+++ SUPPLIED RECORDS

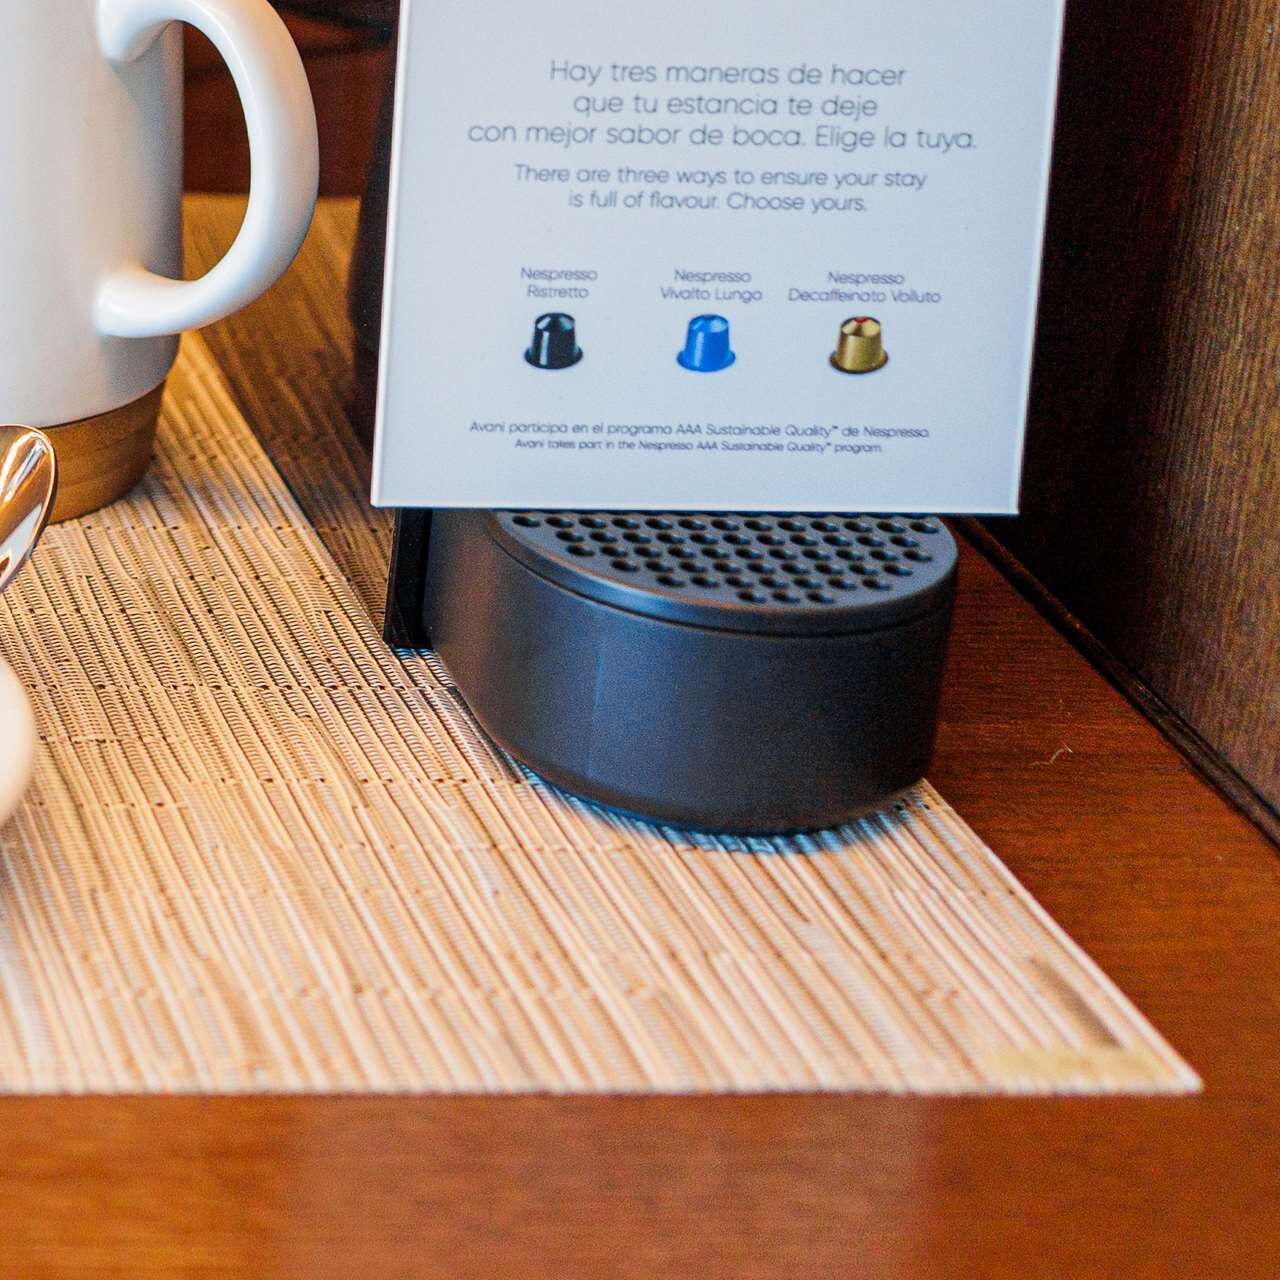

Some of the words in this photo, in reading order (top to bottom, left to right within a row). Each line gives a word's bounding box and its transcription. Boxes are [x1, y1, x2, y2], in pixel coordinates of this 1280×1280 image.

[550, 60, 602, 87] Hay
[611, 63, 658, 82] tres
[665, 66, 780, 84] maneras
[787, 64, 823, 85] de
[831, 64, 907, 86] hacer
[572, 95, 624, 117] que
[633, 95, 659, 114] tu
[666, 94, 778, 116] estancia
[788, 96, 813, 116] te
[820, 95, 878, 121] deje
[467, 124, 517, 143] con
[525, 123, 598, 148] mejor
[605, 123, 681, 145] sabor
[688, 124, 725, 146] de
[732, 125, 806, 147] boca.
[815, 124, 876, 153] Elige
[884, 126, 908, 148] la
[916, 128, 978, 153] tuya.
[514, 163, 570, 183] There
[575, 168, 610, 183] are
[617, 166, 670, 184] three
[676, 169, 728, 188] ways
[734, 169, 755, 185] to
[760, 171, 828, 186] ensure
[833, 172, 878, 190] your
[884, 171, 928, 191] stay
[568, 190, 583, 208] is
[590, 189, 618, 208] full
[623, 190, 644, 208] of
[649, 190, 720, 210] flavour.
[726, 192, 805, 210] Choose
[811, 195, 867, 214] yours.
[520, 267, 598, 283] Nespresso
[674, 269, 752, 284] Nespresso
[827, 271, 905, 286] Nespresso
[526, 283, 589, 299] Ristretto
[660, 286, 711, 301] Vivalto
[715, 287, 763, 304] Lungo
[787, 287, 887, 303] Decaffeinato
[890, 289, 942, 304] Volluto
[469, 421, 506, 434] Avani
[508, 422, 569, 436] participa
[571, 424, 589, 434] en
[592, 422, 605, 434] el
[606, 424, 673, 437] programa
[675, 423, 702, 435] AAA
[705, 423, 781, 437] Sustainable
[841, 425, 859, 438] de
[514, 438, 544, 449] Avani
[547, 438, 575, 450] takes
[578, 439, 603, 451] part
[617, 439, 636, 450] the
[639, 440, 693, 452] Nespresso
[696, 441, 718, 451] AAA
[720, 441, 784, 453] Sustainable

++++++

**DESCRIPTION OF THE TASK:** Would you retype every line shown above exactly, leaving the pictures aside?

**YOUR SOLUTION:**
Some of the words in this photo, in reading order (top to bottom, left to right within a row). Each line gives a word's bounding box and its transcription. Boxes are [x1, y1, x2, y2], in pixel coordinates of this 1280×1280 image.

[550, 60, 602, 87] Hay
[611, 63, 658, 82] tres
[665, 66, 780, 84] maneras
[787, 64, 823, 85] de
[831, 64, 907, 86] hacer
[572, 95, 624, 117] que
[633, 95, 659, 114] tu
[666, 94, 778, 116] estancia
[788, 96, 813, 116] te
[820, 95, 878, 121] deje
[467, 124, 517, 143] con
[525, 123, 598, 148] mejor
[605, 123, 681, 145] sabor
[688, 124, 725, 146] de
[732, 125, 806, 147] boca.
[815, 124, 876, 153] Elige
[884, 126, 908, 148] la
[916, 128, 978, 153] tuya.
[514, 163, 570, 183] There
[575, 168, 610, 183] are
[617, 166, 670, 184] three
[676, 169, 728, 188] ways
[734, 169, 755, 185] to
[760, 171, 828, 186] ensure
[833, 172, 878, 190] your
[884, 171, 928, 191] stay
[568, 190, 583, 208] is
[590, 189, 618, 208] full
[623, 190, 644, 208] of
[649, 190, 720, 210] flavour.
[726, 192, 805, 210] Choose
[811, 195, 867, 214] yours.
[520, 267, 598, 283] Nespresso
[674, 269, 752, 284] Nespresso
[827, 271, 905, 286] Nespresso
[526, 283, 589, 299] Ristretto
[660, 286, 711, 301] Vivalto
[715, 287, 763, 304] Lungo
[787, 287, 887, 303] Decaffeinato
[890, 289, 942, 304] Volluto
[469, 421, 506, 434] Avani
[508, 422, 569, 436] participa
[571, 424, 589, 434] en
[592, 422, 605, 434] el
[606, 424, 673, 437] programa
[675, 423, 702, 435] AAA
[705, 423, 781, 437] Sustainable
[841, 425, 859, 438] de
[514, 438, 544, 449] Avani
[547, 438, 575, 450] takes
[578, 439, 603, 451] part
[617, 439, 636, 450] the
[639, 440, 693, 452] Nespresso
[696, 441, 718, 451] AAA
[720, 441, 784, 453] Sustainable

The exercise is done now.